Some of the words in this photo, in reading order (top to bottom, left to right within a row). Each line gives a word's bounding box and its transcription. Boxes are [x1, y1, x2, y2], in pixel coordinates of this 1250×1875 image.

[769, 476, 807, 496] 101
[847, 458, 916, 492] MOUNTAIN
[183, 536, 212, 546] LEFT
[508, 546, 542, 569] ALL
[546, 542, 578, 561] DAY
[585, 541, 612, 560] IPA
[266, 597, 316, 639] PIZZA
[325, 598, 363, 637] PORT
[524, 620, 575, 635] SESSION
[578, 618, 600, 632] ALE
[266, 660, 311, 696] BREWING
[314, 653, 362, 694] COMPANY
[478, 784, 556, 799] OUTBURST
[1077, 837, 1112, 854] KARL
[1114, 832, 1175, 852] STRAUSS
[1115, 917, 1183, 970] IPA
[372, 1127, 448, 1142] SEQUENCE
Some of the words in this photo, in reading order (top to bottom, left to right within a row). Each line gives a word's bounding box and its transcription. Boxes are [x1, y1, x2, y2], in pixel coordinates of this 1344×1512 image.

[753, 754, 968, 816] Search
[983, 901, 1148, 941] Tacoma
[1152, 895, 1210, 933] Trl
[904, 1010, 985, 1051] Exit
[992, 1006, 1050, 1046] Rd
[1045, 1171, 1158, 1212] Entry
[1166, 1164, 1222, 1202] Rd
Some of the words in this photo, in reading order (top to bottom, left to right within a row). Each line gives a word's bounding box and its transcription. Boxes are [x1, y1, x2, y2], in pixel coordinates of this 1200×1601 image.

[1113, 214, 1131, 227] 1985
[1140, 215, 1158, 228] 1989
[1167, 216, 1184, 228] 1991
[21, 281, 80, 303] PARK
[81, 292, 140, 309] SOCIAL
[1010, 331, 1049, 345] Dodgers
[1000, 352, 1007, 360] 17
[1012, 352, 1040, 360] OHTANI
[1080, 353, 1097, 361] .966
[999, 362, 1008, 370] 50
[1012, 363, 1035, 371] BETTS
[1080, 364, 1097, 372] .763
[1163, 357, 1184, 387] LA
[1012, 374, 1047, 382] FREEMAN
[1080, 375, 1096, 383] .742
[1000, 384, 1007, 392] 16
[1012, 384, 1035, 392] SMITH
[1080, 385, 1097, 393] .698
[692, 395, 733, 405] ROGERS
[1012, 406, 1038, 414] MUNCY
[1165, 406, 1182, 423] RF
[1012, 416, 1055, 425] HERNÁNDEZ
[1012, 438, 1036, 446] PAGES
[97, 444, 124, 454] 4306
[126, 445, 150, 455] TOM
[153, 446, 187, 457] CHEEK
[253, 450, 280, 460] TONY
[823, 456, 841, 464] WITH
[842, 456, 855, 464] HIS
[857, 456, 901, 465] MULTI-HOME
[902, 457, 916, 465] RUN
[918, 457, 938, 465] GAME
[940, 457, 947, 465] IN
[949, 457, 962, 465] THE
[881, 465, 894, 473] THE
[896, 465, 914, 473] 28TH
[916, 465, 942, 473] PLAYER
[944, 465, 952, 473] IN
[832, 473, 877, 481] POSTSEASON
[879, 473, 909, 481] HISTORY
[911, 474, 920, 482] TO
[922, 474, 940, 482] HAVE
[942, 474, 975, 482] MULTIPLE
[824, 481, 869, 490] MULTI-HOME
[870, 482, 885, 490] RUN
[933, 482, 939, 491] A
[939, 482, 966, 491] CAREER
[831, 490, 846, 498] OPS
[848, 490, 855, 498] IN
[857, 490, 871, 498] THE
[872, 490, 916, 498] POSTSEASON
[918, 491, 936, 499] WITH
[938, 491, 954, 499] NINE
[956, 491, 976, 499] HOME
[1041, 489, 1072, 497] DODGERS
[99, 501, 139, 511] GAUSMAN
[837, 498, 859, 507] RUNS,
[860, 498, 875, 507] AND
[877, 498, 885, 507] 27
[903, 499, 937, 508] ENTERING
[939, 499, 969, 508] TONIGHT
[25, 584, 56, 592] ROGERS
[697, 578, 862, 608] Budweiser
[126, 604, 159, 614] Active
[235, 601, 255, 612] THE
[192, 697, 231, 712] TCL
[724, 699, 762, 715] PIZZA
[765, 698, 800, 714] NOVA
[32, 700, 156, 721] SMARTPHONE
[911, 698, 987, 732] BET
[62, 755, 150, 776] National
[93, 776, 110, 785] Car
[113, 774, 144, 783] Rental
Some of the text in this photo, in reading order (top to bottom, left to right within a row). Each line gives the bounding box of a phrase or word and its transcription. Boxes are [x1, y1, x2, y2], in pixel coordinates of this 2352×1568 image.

════════

INSTRUCTIONS TO FOLLOW
For this exercise, write out all of the data exactly.

ANSWER TO THIS PROBLEM
Some of the words in this photo, in reading order (top to bottom, left to right within a row). Each line gives a word's bounding box and its transcription. Boxes are [x1, y1, x2, y2], in pixel coordinates of this 1250×1875 image.

[769, 476, 807, 496] 101
[847, 458, 916, 492] MOUNTAIN
[183, 536, 212, 546] LEFT
[508, 546, 542, 569] ALL
[546, 542, 578, 561] DAY
[585, 541, 612, 560] IPA
[266, 597, 316, 639] PIZZA
[325, 598, 363, 637] PORT
[524, 620, 575, 635] SESSION
[578, 618, 600, 632] ALE
[266, 660, 311, 696] BREWING
[314, 653, 362, 694] COMPANY
[478, 784, 556, 799] OUTBURST
[1077, 837, 1112, 854] KARL
[1114, 832, 1175, 852] STRAUSS
[1115, 917, 1183, 970] IPA
[372, 1127, 448, 1142] SEQUENCE
Some of the words in this photo, in reading order (top to bottom, left to right within a row). Each line gives a word's bounding box and its transcription. Boxes are [x1, y1, x2, y2], in pixel coordinates of this 1344×1512 image.

[753, 754, 968, 816] Search
[983, 901, 1148, 941] Tacoma
[1152, 895, 1210, 933] Trl
[904, 1010, 985, 1051] Exit
[992, 1006, 1050, 1046] Rd
[1045, 1171, 1158, 1212] Entry
[1166, 1164, 1222, 1202] Rd
Some of the words in this photo, in reading order (top to bottom, left to right within a row). Each line gives a word's bounding box and its transcription. Boxes are [x1, y1, x2, y2], in pixel coordinates of this 1200×1601 image.

[1113, 214, 1131, 227] 1985
[1140, 215, 1158, 228] 1989
[1167, 216, 1184, 228] 1991
[21, 281, 80, 303] PARK
[81, 292, 140, 309] SOCIAL
[1010, 331, 1049, 345] Dodgers
[1000, 352, 1007, 360] 17
[1012, 352, 1040, 360] OHTANI
[1080, 353, 1097, 361] .966
[999, 362, 1008, 370] 50
[1012, 363, 1035, 371] BETTS
[1080, 364, 1097, 372] .763
[1163, 357, 1184, 387] LA
[1012, 374, 1047, 382] FREEMAN
[1080, 375, 1096, 383] .742
[1000, 384, 1007, 392] 16
[1012, 384, 1035, 392] SMITH
[1080, 385, 1097, 393] .698
[692, 395, 733, 405] ROGERS
[1012, 406, 1038, 414] MUNCY
[1165, 406, 1182, 423] RF
[1012, 416, 1055, 425] HERNÁNDEZ
[1012, 438, 1036, 446] PAGES
[97, 444, 124, 454] 4306
[126, 445, 150, 455] TOM
[153, 446, 187, 457] CHEEK
[253, 450, 280, 460] TONY
[823, 456, 841, 464] WITH
[842, 456, 855, 464] HIS
[857, 456, 901, 465] MULTI-HOME
[902, 457, 916, 465] RUN
[918, 457, 938, 465] GAME
[940, 457, 947, 465] IN
[949, 457, 962, 465] THE
[881, 465, 894, 473] THE
[896, 465, 914, 473] 28TH
[916, 465, 942, 473] PLAYER
[944, 465, 952, 473] IN
[832, 473, 877, 481] POSTSEASON
[879, 473, 909, 481] HISTORY
[911, 474, 920, 482] TO
[922, 474, 940, 482] HAVE
[942, 474, 975, 482] MULTIPLE
[824, 481, 869, 490] MULTI-HOME
[870, 482, 885, 490] RUN
[933, 482, 939, 491] A
[939, 482, 966, 491] CAREER
[831, 490, 846, 498] OPS
[848, 490, 855, 498] IN
[857, 490, 871, 498] THE
[872, 490, 916, 498] POSTSEASON
[918, 491, 936, 499] WITH
[938, 491, 954, 499] NINE
[956, 491, 976, 499] HOME
[1041, 489, 1072, 497] DODGERS
[99, 501, 139, 511] GAUSMAN
[837, 498, 859, 507] RUNS,
[860, 498, 875, 507] AND
[877, 498, 885, 507] 27
[903, 499, 937, 508] ENTERING
[939, 499, 969, 508] TONIGHT
[25, 584, 56, 592] ROGERS
[697, 578, 862, 608] Budweiser
[126, 604, 159, 614] Active
[235, 601, 255, 612] THE
[192, 697, 231, 712] TCL
[724, 699, 762, 715] PIZZA
[765, 698, 800, 714] NOVA
[32, 700, 156, 721] SMARTPHONE
[911, 698, 987, 732] BET
[62, 755, 150, 776] National
[93, 776, 110, 785] Car
[113, 774, 144, 783] Rental
Some of the text in this photo, in reading order (top to bottom, left to right within a row). Each line gives the bounding box of a phrase or word and its transcription. Boxes are [x1, y1, x2, y2], in pixel coordinates of this 2352×1568 image.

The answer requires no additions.